By Mayi Carles
From March 25-30, 2009 the third Central America Leadership Initiative (CALI) class self-named CAtaLIzadores, gathered at INCAE’s Francisco de Sola Campus in Managua, Nicaragua for The Aspen Seminar, Defining the “Good Society” – their third in the series of four leadership seminars the comprise the Fellowship.
Guided by Aspen Institute senior moderator – Stace Lindsay along with moderators in training Harry Strachan and Sylvia Gereda – Fellows focused on the components that make up a “good society” and where prompted to consider those societal values they deem most important, and the trade-offs they are willing to make in seeking a good and just society. Classic and contemporary texts reflecting the breadth of human civilization form the starting points of the rich conversation in which the questions posed by the group were frequently as illuminating as the varied, timeless wisdom of the texts. Fellows read and engaged in animated dialogue on the writings of Plato, Aristotle, Thomas Hobbes, Jean-Jacques Rousseau, William Graham Sumner, Friedrich Hayek, , Milton Friedman, John Locke, Karl Marx, Arthur M. Okun, Confucius, Niccolo Machiavelli, Martin Luther King Jr., among others. They also performed Antigone, the classic tale of leadership and hubris by Sofocles.
Only 22 of the 24 Fellows that comprise the class attended the seminar, nonetheless, the group maintained a good balance, which provided an opportunity for Fellows to deepen the bonds of trust they began to develop during the first and second seminar.
This group of CALI Fellows is having a measurable and positive impact in the countries and communities where they live. During this seminar Fellows reported their progress in their leadership commitments, confessing their plans to make changes in their professional and/or personal lives as a direct result of the CALI seminars, and disclosing the status of their leadership projects.

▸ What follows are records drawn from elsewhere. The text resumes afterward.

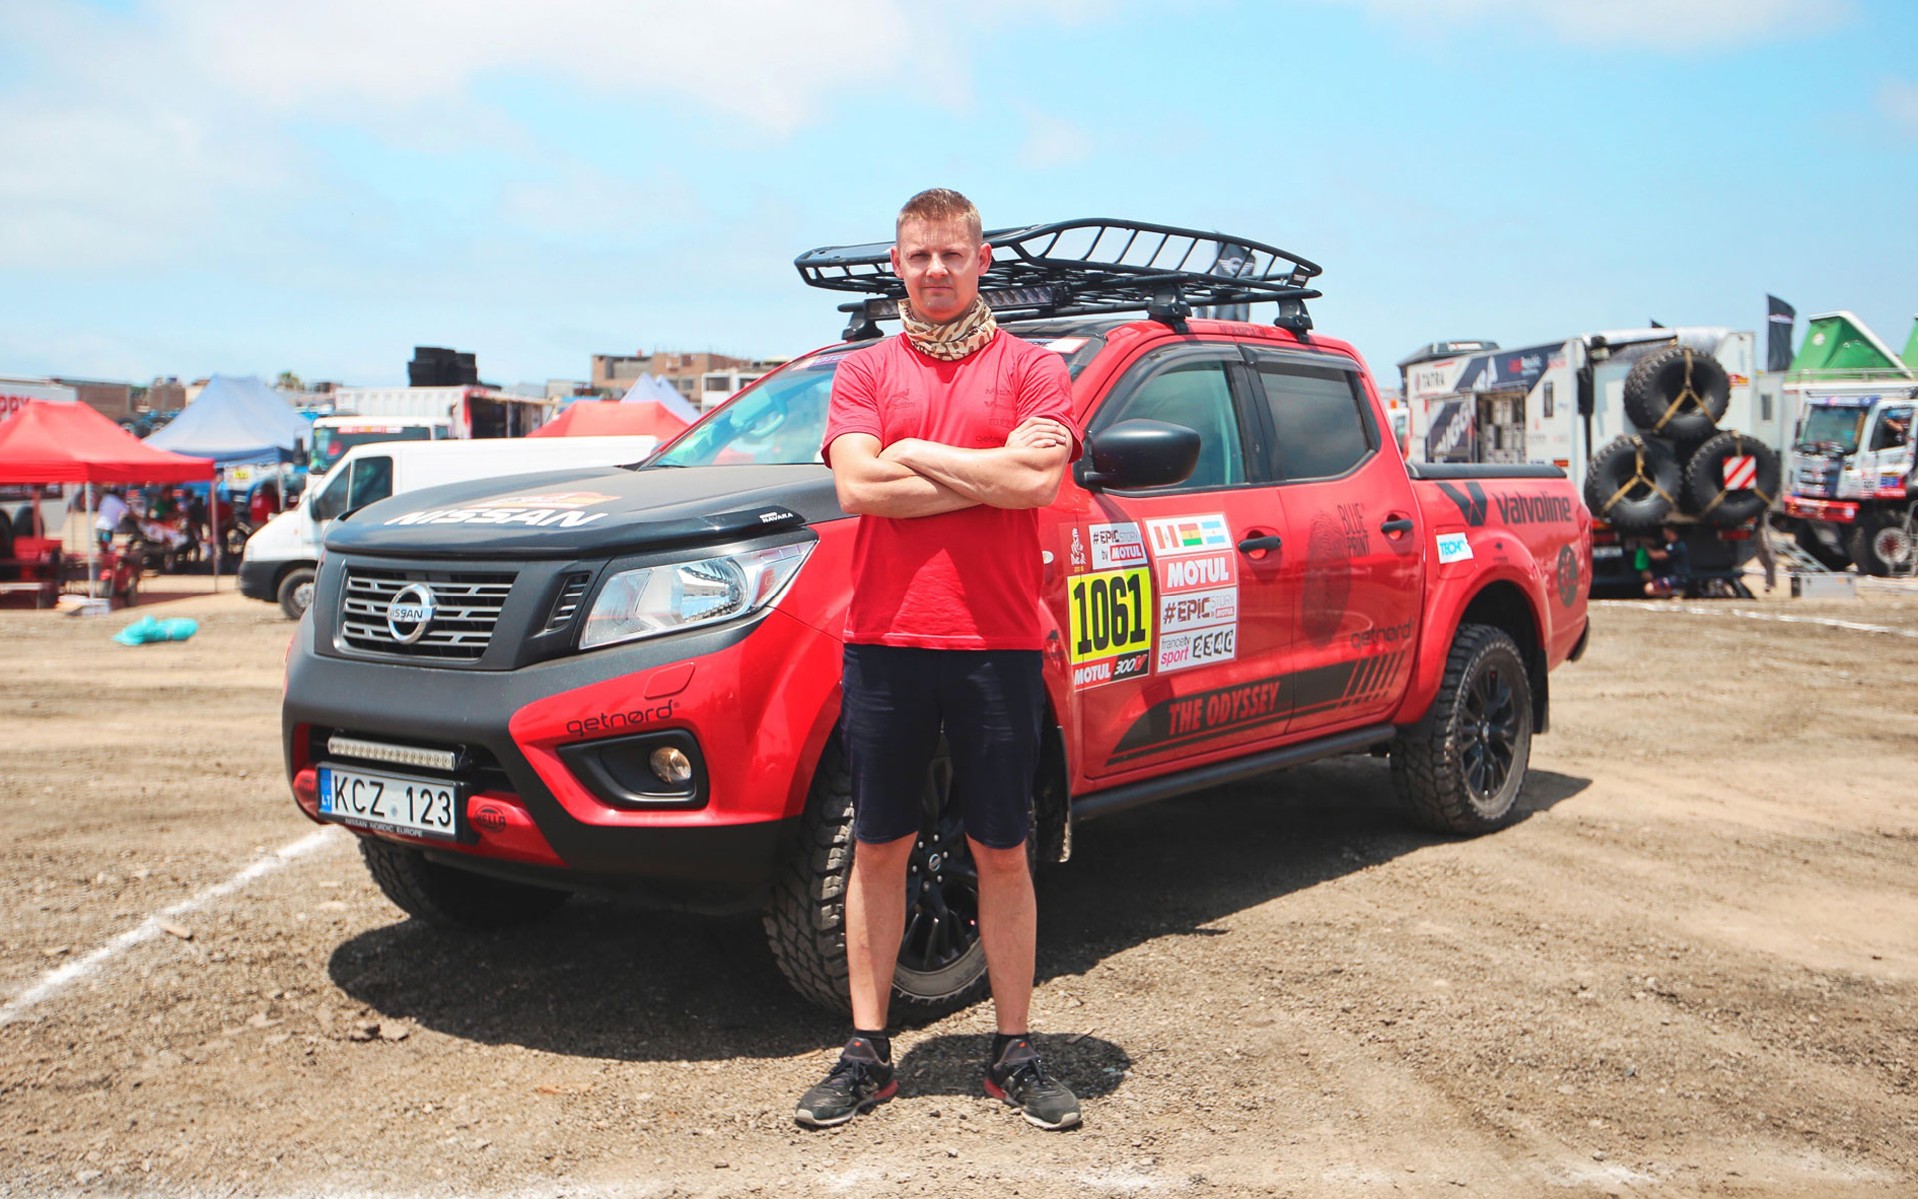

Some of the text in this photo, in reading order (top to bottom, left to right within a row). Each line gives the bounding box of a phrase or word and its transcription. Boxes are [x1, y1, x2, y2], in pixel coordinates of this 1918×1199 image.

[384, 508, 609, 528] NISSAN
[1492, 490, 1572, 525] Valvoline
[1112, 545, 1142, 560] MOTUL
[1167, 557, 1230, 588] MOTUL
[1073, 573, 1146, 656] 1061
[1074, 653, 1148, 686] MOTUL 300V
[1161, 647, 1189, 667] sport
[1169, 681, 1280, 736] THE ODYSSEY
[321, 794, 332, 807] LT
[334, 774, 451, 827] KCZ 123
[345, 818, 423, 837] NISSAN NORDIC EUROPE

CALI is a member of the Aspen Global Leadership Network comprised of 600 Fellows from 26 countries, Fellows from all six Central American countries – Guatemala, Honduras, El Salvador, Nicaragua, Costa Rica and Panama are represented in CALI. Fellows are already very successful entrepreneurial individuals from the business, non-profit/civil society and government sectors who are committed to civic involvement and values based leadership.